JPS63225653A - Beta-memthyl-delta-valerolactone polymer composition having improved thermal stability - Google Patents

Abstract

PURPOSE:To provide the title compsn. having excellent thermal stability, by blending a beta-methyl-delta-valerolactone polymer with an org. carbodiimide compd. CONSTITUTION:beta-Methyl-delta-valerolactone (i) and optionally, not more than 50mol.% of a copolymerizable monomer (ii) are subjected to a ring opening polymn. reaction in the presence of a catalyst (e.g., n-butyllithium) and a polymn. initiator which is an org. compd. having active hydrogen, pref. amino group and/or hydroxyl group (e.g., ethylene glycol) to obtain a beta-methyl-delta-valerolactone polymer (a). The component (a) is blended with 0.01-5wt.%, pref. 0.05-1.0wt.% [based on the amount of the component (a)] org. carbodiimide (b) of formula I (wherein R1 and R2 are each a 1-18C hydrocarbon group; A and B are each a group of formula II or III; R3 and R4 are each H or R1; R5 is R1; n is 1 or greater, pref. 1-10) (e.g., dicyclohexylcarbodiimide) and optionally, additives (c) such as an ultraviolet absorber, an antioxidant, etc.

Description

Detailed Description of the Invention [Field of Industrial Application] The present invention provides a β-methyl-δ-valerolactone polymer composition (hereinafter referred to as β-methyl-δ-valerolactone polyester) with improved thermal stability. (Sometimes called polyol.) Polymers containing β-methyl-δ-valerolactone are liquid polyesters and are not only easy to handle, but also useful for imparting amorphous properties to crystalline polymers. In general, polyester diols obtained by using β-methyl-δ-valerolactone with diamines or diols as initiators are useful as soft segments for polyurethanes, and in this case, they have higher durability than conventionally known polyester polyurethanes. It has excellent properties such as hydrolyzability and high mold resistance.

[Conventional technology]

The lactone ring-opening polymer is converted from the terminal to the original seven polymers by heating.
It is known that it decomposes into

This decomposition temperature strongly depends on the type of lactone; for example, ξ-caprolactone polymer shows a decomposition temperature as high as 250°C or higher, and for this reason, in the case of boy + g-caprolactone, the heat resistance is critical in practical use. This is not a serious problem. -cn2cucn2c obtained by ring-opening polymerization of β-methyl-δ-valerolactone using glycol as an initiator.
It is known that the thermal stability of polymers having n2on groups is extremely low (Japanese Unexamined Patent Publication No. 60-248727), but the thermal stability of such β-methyl-δ-valerolactone-based polyester polyols is Previously, attempts to improve this were completely unknown.

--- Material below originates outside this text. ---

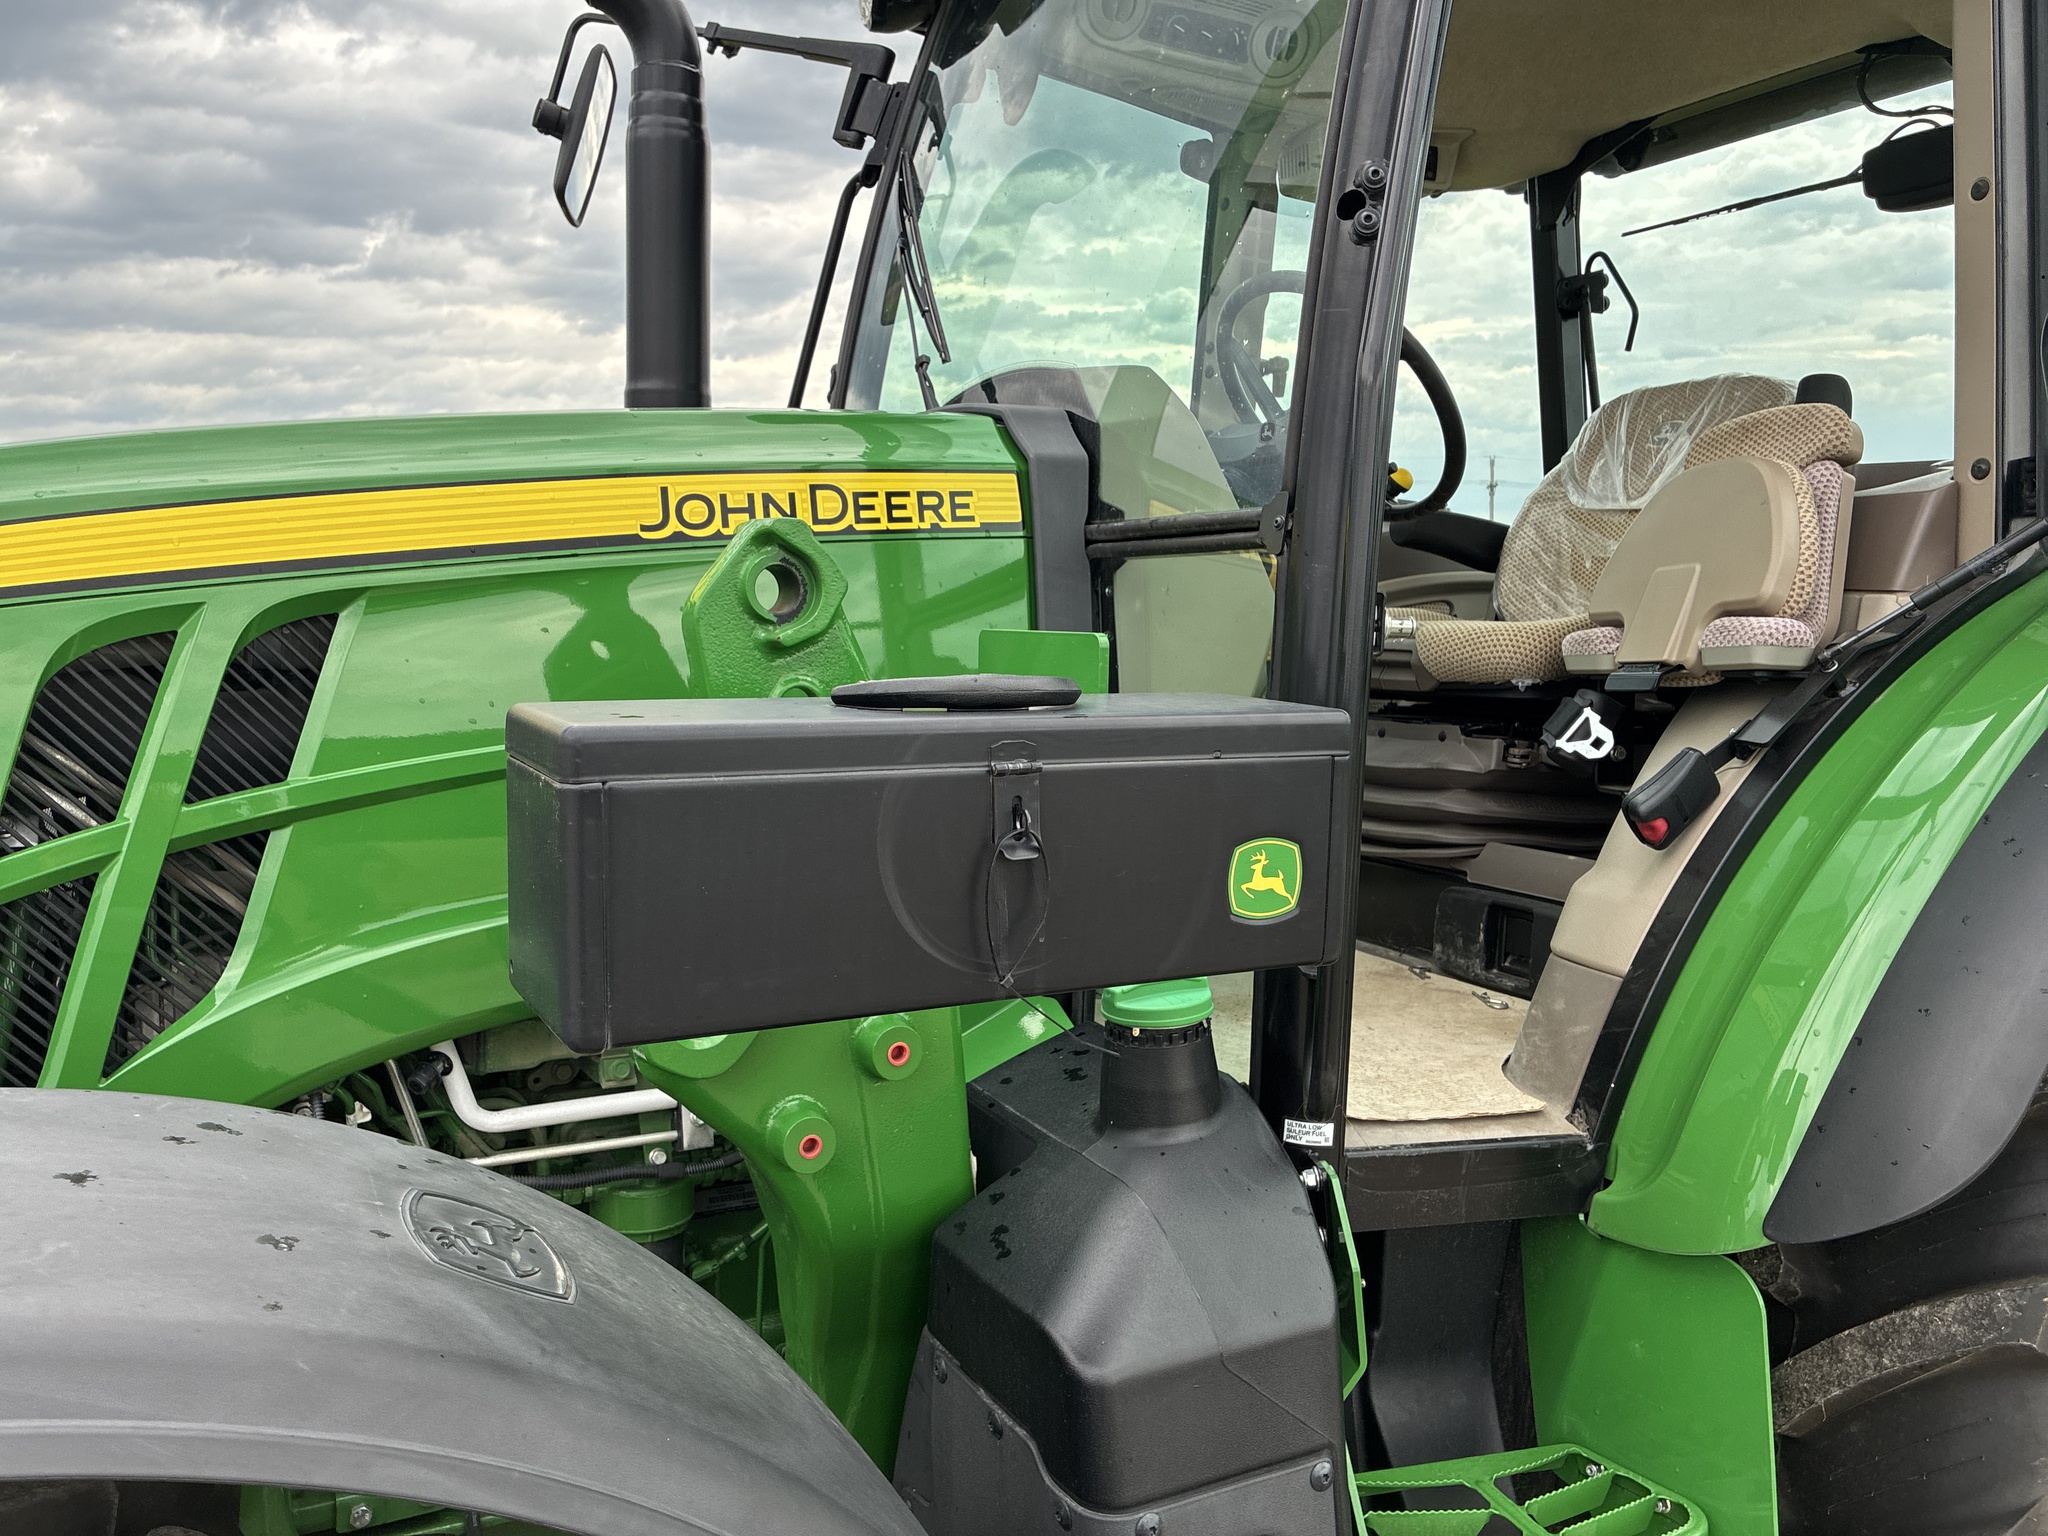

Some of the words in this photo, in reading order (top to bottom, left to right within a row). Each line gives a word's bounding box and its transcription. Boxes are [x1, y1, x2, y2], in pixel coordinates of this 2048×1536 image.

[639, 485, 797, 533] JOHN
[808, 484, 976, 526] DEERE
[1287, 1121, 1307, 1129] ULTRA
[1286, 1127, 1311, 1136] SULFUR

[Problem that the invention seeks to solve]

As described in JP-A-60-248727, β-methyl-δ-valerolactone polyester polyol is heated to liberate β-methyl-δ-valerolactone from its terminal ends.

Therefore, when used in plasticizers such as vinyl chloride, monomer bleed and odor become a problem, and even if melt polymerization is attempted with incyanate compounds when producing polyurethane, the 7-mer is liberated. Changes in molecular weight cause serious problems such as the inability to increase viscosity. β−
In order to fully utilize the features of the methyl-δ-valerolactone polyester polyol, such as high hydrolysis resistance, its use must be improved unless the thermal stability of the diol is increased and the dissociation of the monomer due to heating is suppressed. The current situation is that it has no choice but to become extremely limited.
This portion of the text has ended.